Pforzheim. Ab Sommer können Eltern von Erstklässlern die ganztägige Betreuung ihrer Kinder einklagen. Es gibt aber bei weitem nicht genügend Plätze. Die zuständigen Stellen in der Stadtverwaltung bemühen sich nach Kräften um praktikable und gerechte Lösungen. Die gibt es nicht zum Nulltarif, weder für die Stadt noch für die Eltern. Klassische Ganztagsschulen sind die günstigere Variante, es gibt sie aber kaum – noch.

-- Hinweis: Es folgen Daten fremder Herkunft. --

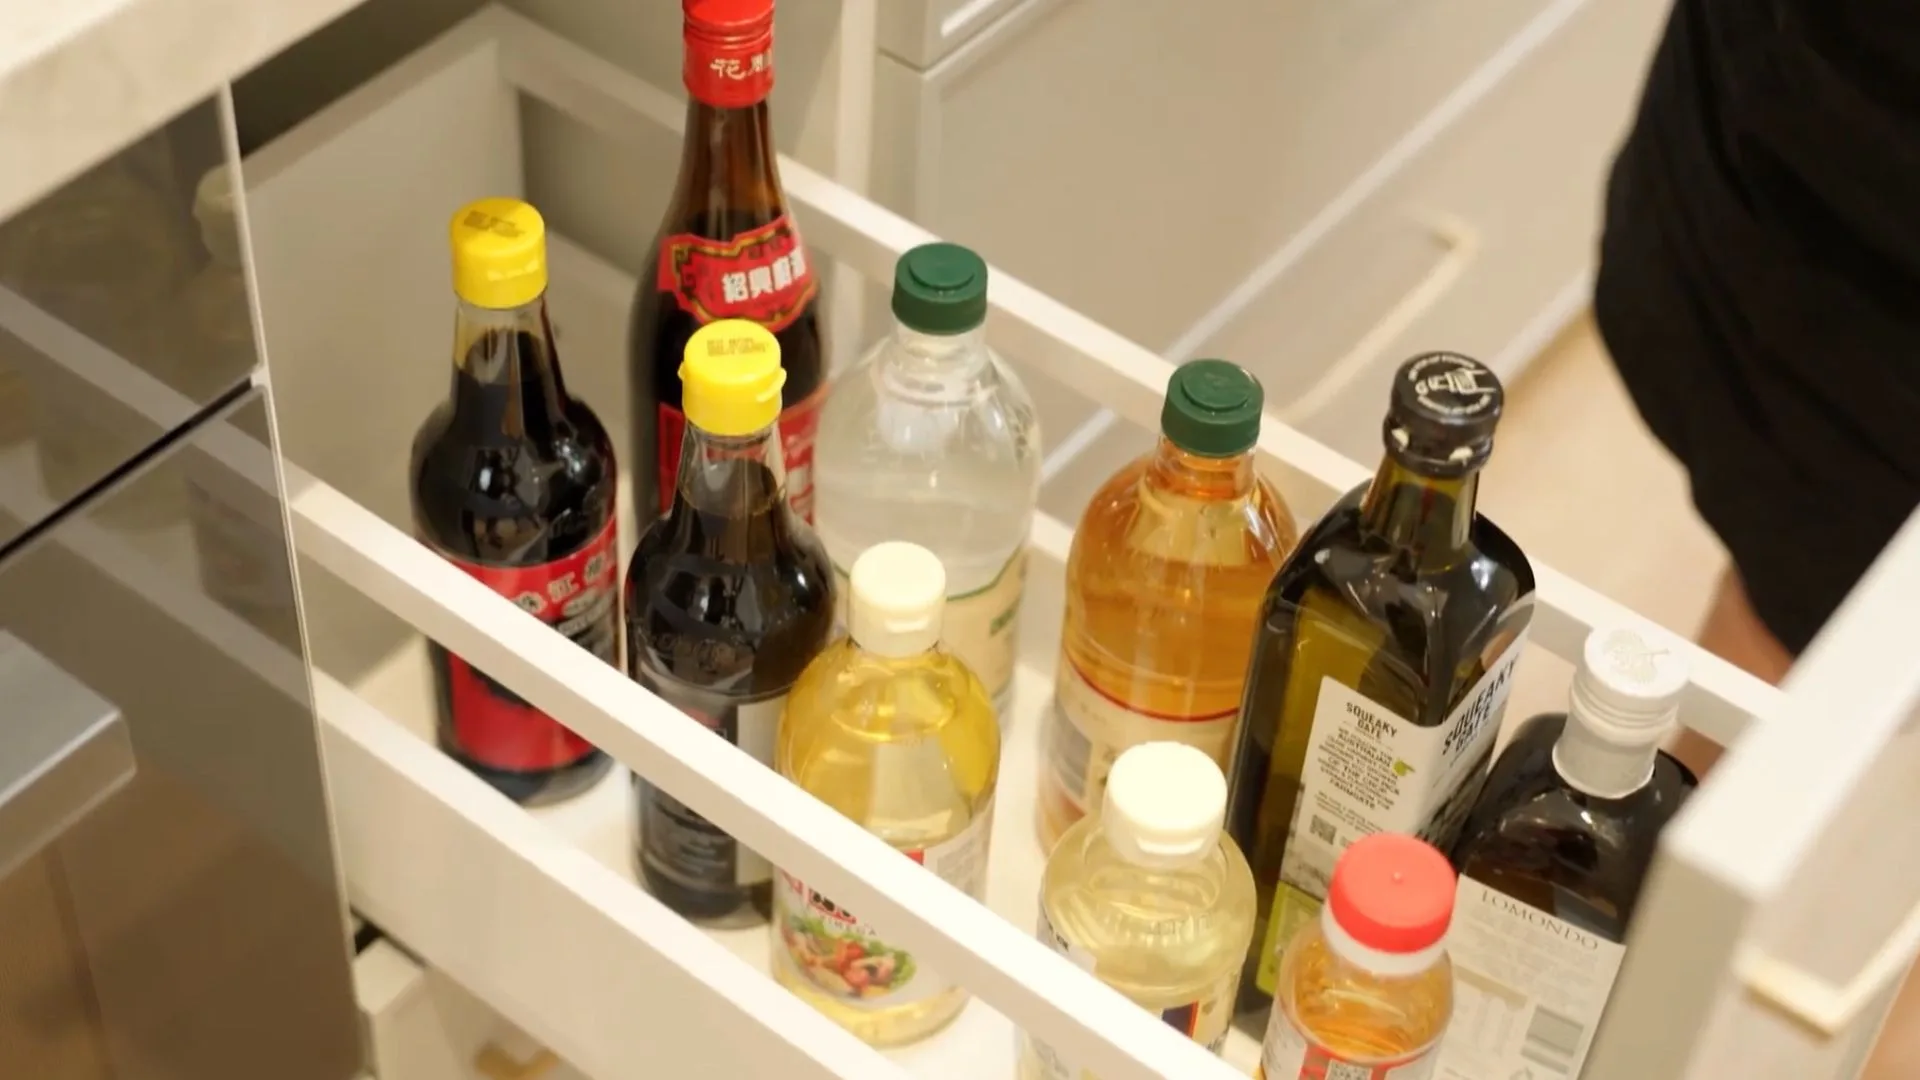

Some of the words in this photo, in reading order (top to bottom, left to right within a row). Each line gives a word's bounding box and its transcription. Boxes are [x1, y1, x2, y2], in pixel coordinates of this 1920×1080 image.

[1346, 702, 1398, 738] SQUEAKY
[1442, 652, 1519, 756] SQUEAKY
[1357, 718, 1384, 740] GATE
[1337, 733, 1390, 768] AUSTRALIAN
[1343, 765, 1359, 779] THE
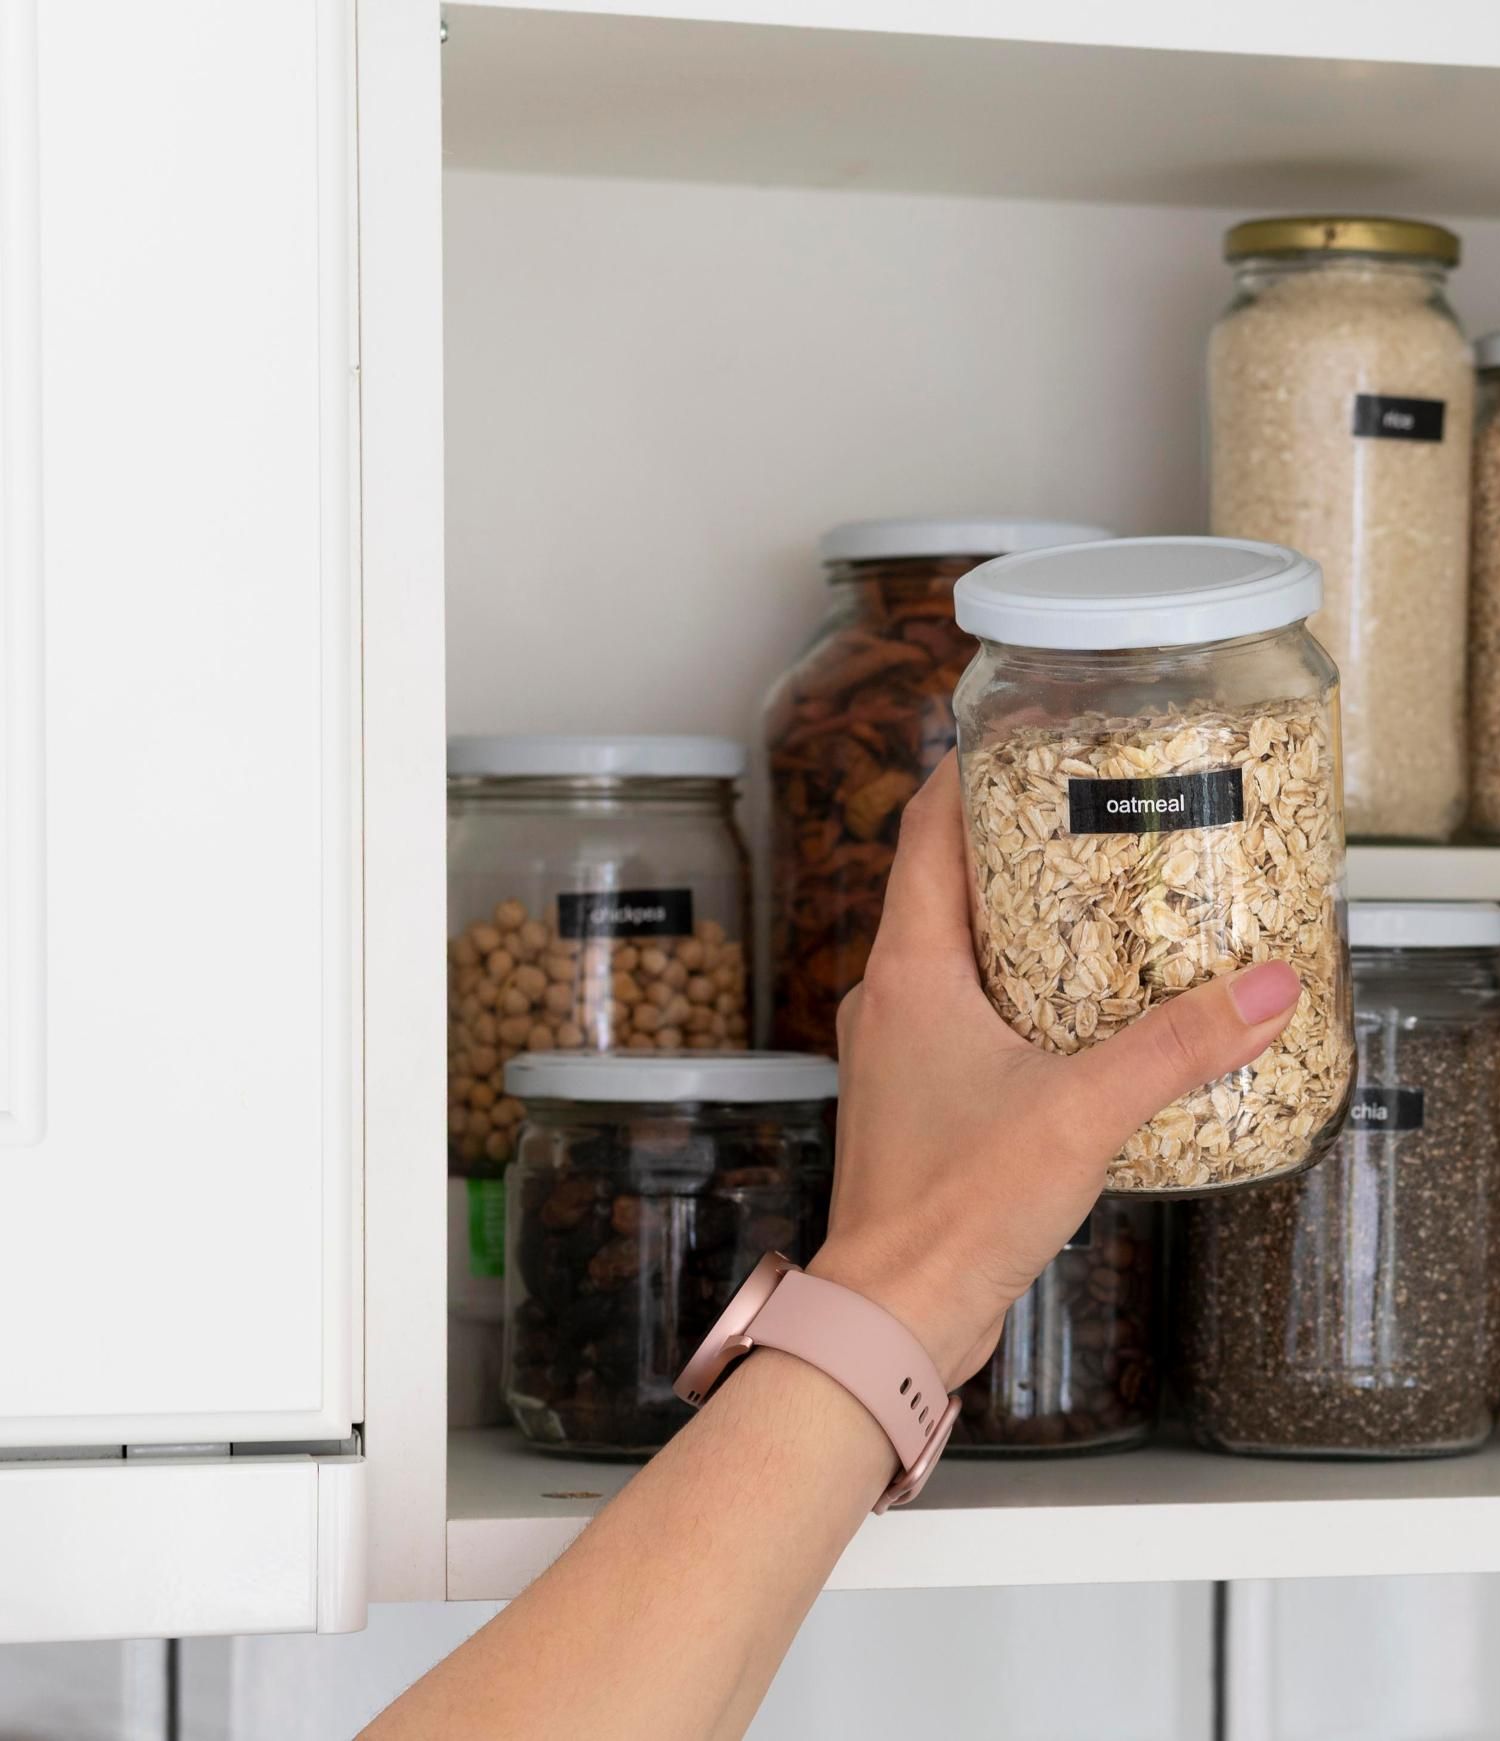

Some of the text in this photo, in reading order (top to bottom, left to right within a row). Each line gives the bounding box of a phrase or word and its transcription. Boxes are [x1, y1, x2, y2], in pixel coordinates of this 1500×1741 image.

[1383, 409, 1415, 431] rice
[1106, 793, 1185, 814] oatmeal
[589, 904, 667, 926] chickpea
[1350, 1103, 1389, 1121] chia
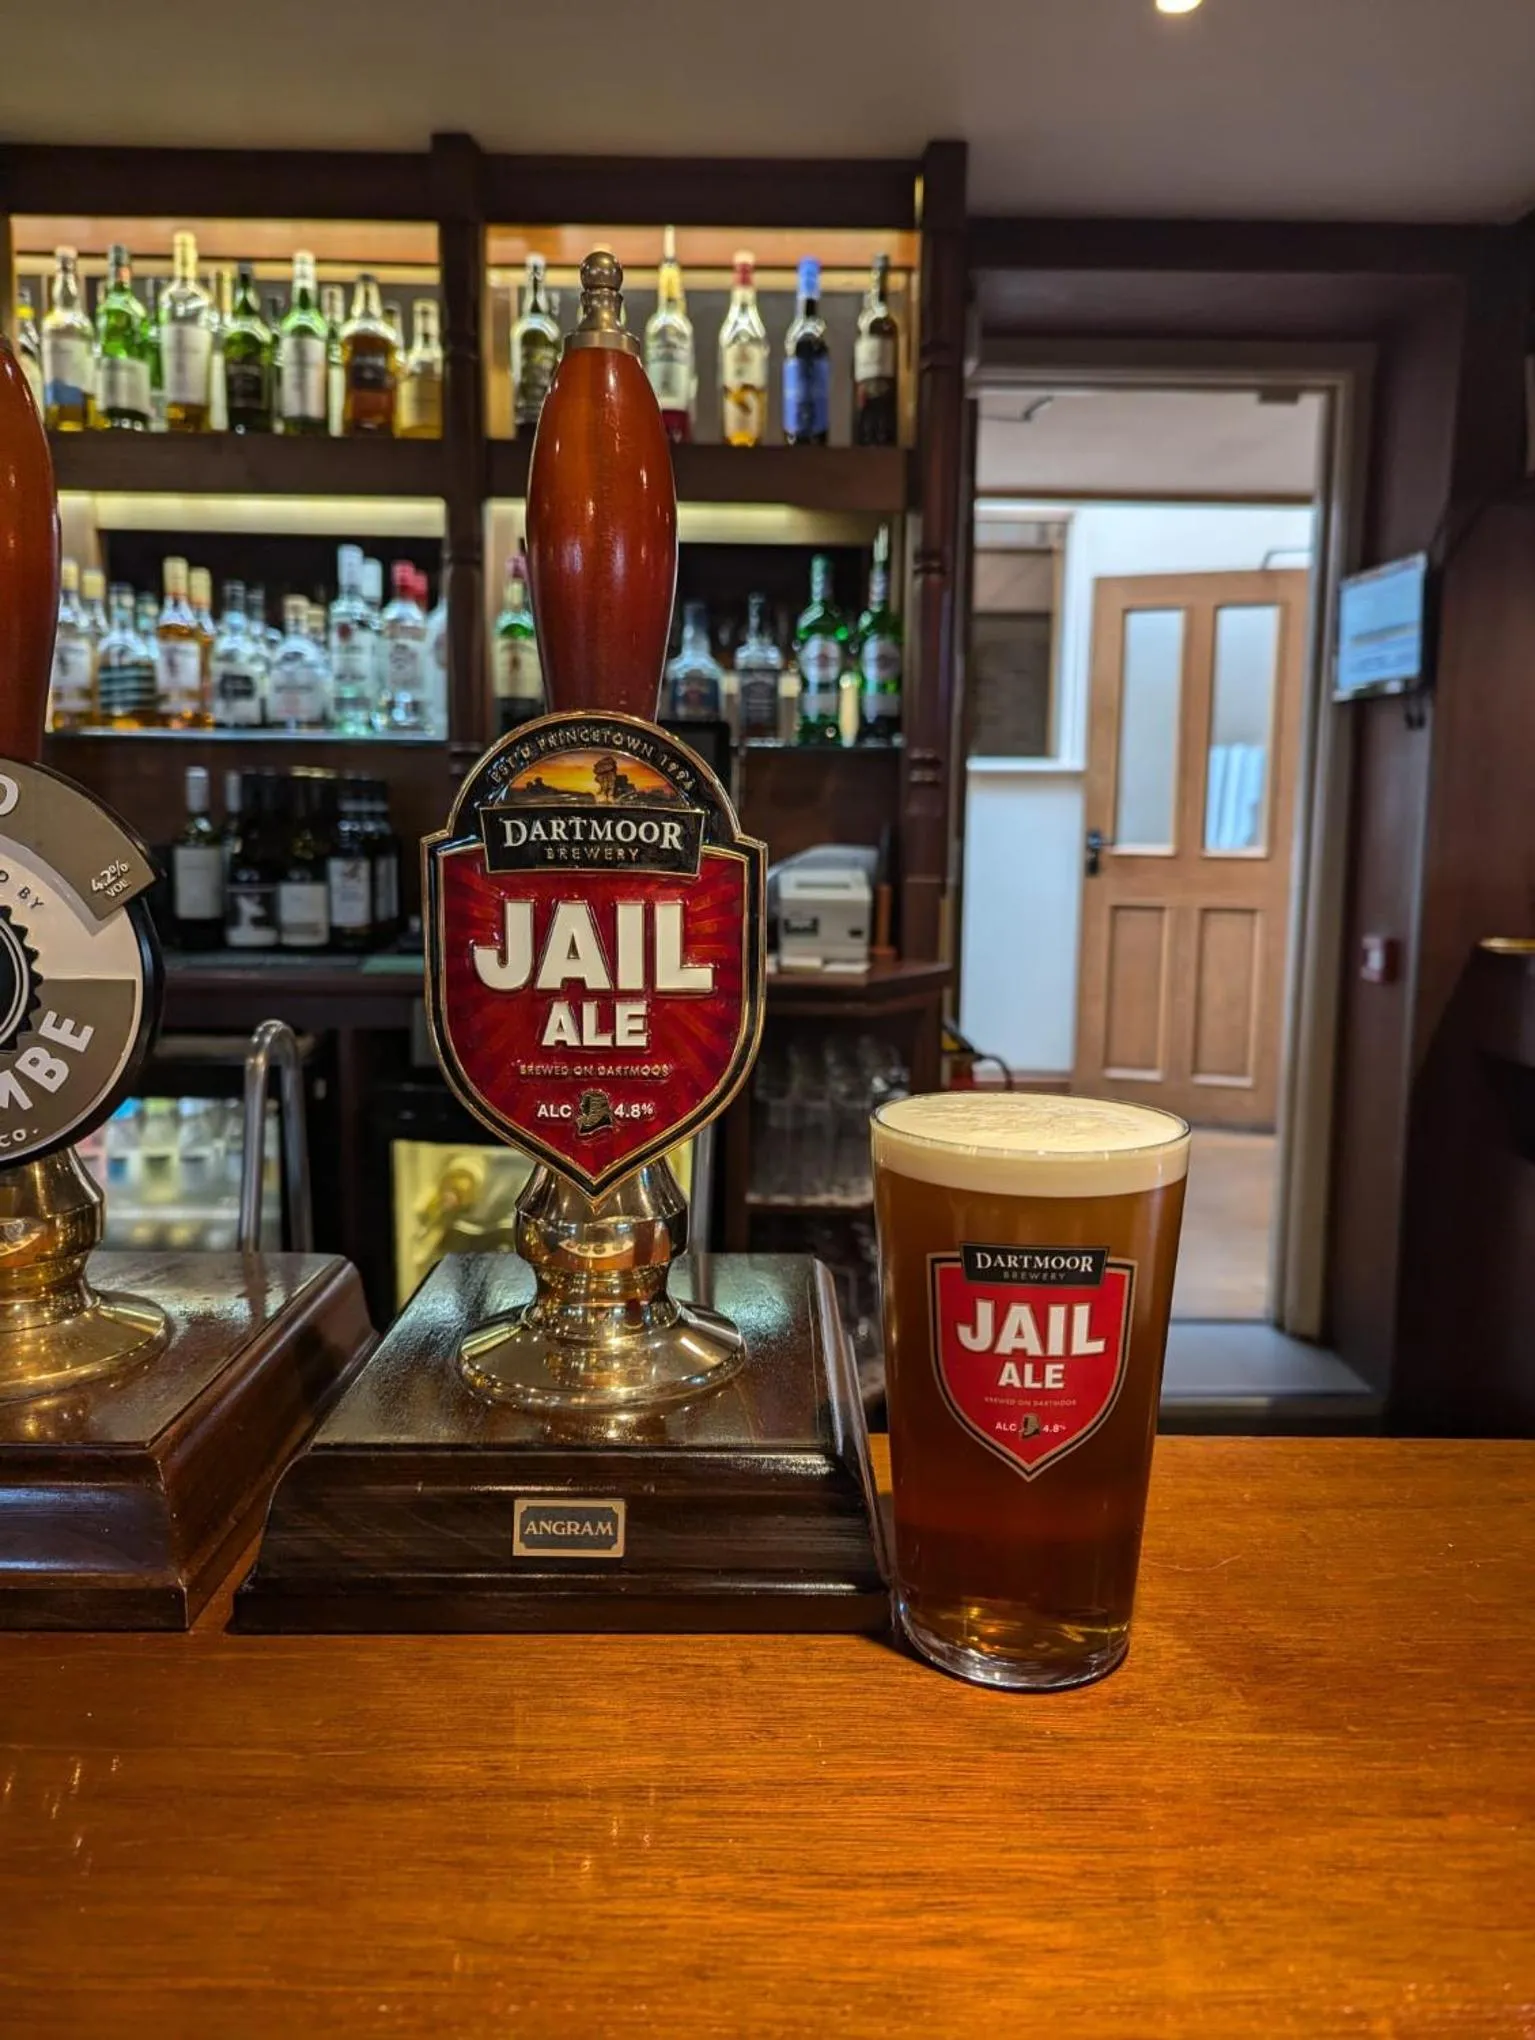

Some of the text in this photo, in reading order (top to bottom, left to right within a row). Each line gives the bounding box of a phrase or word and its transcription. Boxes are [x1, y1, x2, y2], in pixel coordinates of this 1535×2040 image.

[537, 728, 654, 757] PRINCETOWN
[503, 819, 683, 850] DARTMOOR
[546, 847, 639, 861] BREWERY
[91, 860, 129, 891] 4.2%
[18, 886, 44, 910] BY
[473, 900, 715, 993] JAIL
[541, 1002, 648, 1047] ALE
[519, 1063, 569, 1076] BREWED
[573, 1065, 594, 1076] ON
[537, 1103, 653, 1118] ALC 4.8%
[975, 1252, 1093, 1272] DARTMOOR
[1003, 1271, 1066, 1281] BREWERY
[957, 1299, 1107, 1357] JAIL
[998, 1363, 1065, 1389] ALE
[995, 1422, 1017, 1432] ALC
[524, 1521, 614, 1536] ANGRAM

Ganztagesbetreuung Grundschulen
Knifflige Aufgabe: Der Amtsleiter des Jugend- und Sozialamts Joachim Hülsmann (Mitte) und die Leiterin des Amts für Bildung und Sport, Claudia Schlütter, rechnen den Bedarf und die Finanzierung vor. Foto: Meyer

Neun Monate vor dem Start gehen die zuständigen Amtsleiter in der Stadt Pforzheim davon aus, dass rund 100 Kinder mehr angemeldet werden könnten, als es Plätze gibt. Wie viele Plätze genau fehlen werden, steht erst nach der Anmeldung fest – die Frist beginnt am 1. Januar und endet am 15. März. Vor allem die Raumknappheit bremse einen schnellen Ausbau der Schulkindbetreuung, sagt Claudia Schlütter, Leiterin des städtischen Amts für Bildung und Sport. Und schon das, was die Stadt kurzfristig tun kann, wird das Rathaus für die kommenden fünf Jahre rund 2,5 Millionen Euro kosten – Geld, um dessen Bezuschussung die Kommunen mit dem Land hart verhandeln.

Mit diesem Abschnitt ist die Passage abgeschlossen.